Morocco, a nation known for its rich history, stunning landscapes, and vibrant culture, has been struck by tragedy as it grapples with the aftermath of its deadliest earthquake in decades. On the night of September 9, 2023, at precisely 11:11 pm (2211 GMT), a powerful 6.8-magnitude earthquake rocked a mountainous region just 72 kilometers (45 miles) southwest of the popular tourist destination, Marrakesh. The quake’s epicenter was in Al-Haouz province, sending shockwaves felt as far as the coastal cities of Rabat, Casablanca, and Essaouira.
This seismic event, the most powerful ever recorded in Morocco, has claimed the lives of over 1,000 people, according to the latest figures from the interior ministry. The majority of the casualties occurred in Al-Haouz, the epicenter, and Taroudant provinces. In addition to the tragic loss of life, 1,204 people have been reported injured, with 721 in critical condition.
Rescue efforts are underway, with brave individuals working tirelessly to find survivors amidst the rubble of collapsed houses. In the mountain village of Moulay Brahim, near the epicenter, residents are digging graves for the victims, a heartbreaking testament to the scale of the disaster.

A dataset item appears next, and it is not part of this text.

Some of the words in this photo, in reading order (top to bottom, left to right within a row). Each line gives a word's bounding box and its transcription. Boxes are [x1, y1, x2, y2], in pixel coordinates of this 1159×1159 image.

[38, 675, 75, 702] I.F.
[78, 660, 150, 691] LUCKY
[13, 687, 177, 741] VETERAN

Faisal Badour, an engineer in Marrakesh, shared his experience of the earthquake’s terrifying force. “There are families who are still sleeping outside because we were so scared of the force of this earthquake. The screaming and crying was unbearable,” he said.
The impact of the earthquake extended beyond the loss of life and injuries. Marrakesh’s historic Jemaa el-Fna square saw part of a minaret collapse, and people flocked to the square, fearing aftershocks. Tourists like Mimi Theobold, a visitor from England, described the moment when the quake struck as tables shook and plates flew.

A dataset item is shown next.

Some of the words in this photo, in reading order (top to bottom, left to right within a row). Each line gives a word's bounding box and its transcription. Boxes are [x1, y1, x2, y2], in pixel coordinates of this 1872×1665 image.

Foreign leaders have expressed their condolences and offered assistance, including Israel, with which Morocco normalized relations in 2020. US President Joe Biden, Chinese leader Xi Jinping, and Pope Francis all conveyed their sympathies to the Moroccan people during this difficult time.
This earthquake serves as a grim reminder of the region’s vulnerability to seismic activity. In 2004, another deadly quake struck northeastern Morocco, claiming hundreds of lives, and in 1960, Agadir was devastated by a magnitude 6.7 earthquake, resulting in over 12,000 fatalities. Neighboring Algeria also felt the tremors, but fortunately, no damage or casualties were reported there.
As Morocco grapples with this tragedy, its people unite in their resilience, determination, and the hope of rebuilding their lives in the face of immense loss and destruction. The international community stands in solidarity with Morocco during this challenging period, offering support and condolences to a nation reeling from the effects of nature’s relentless power.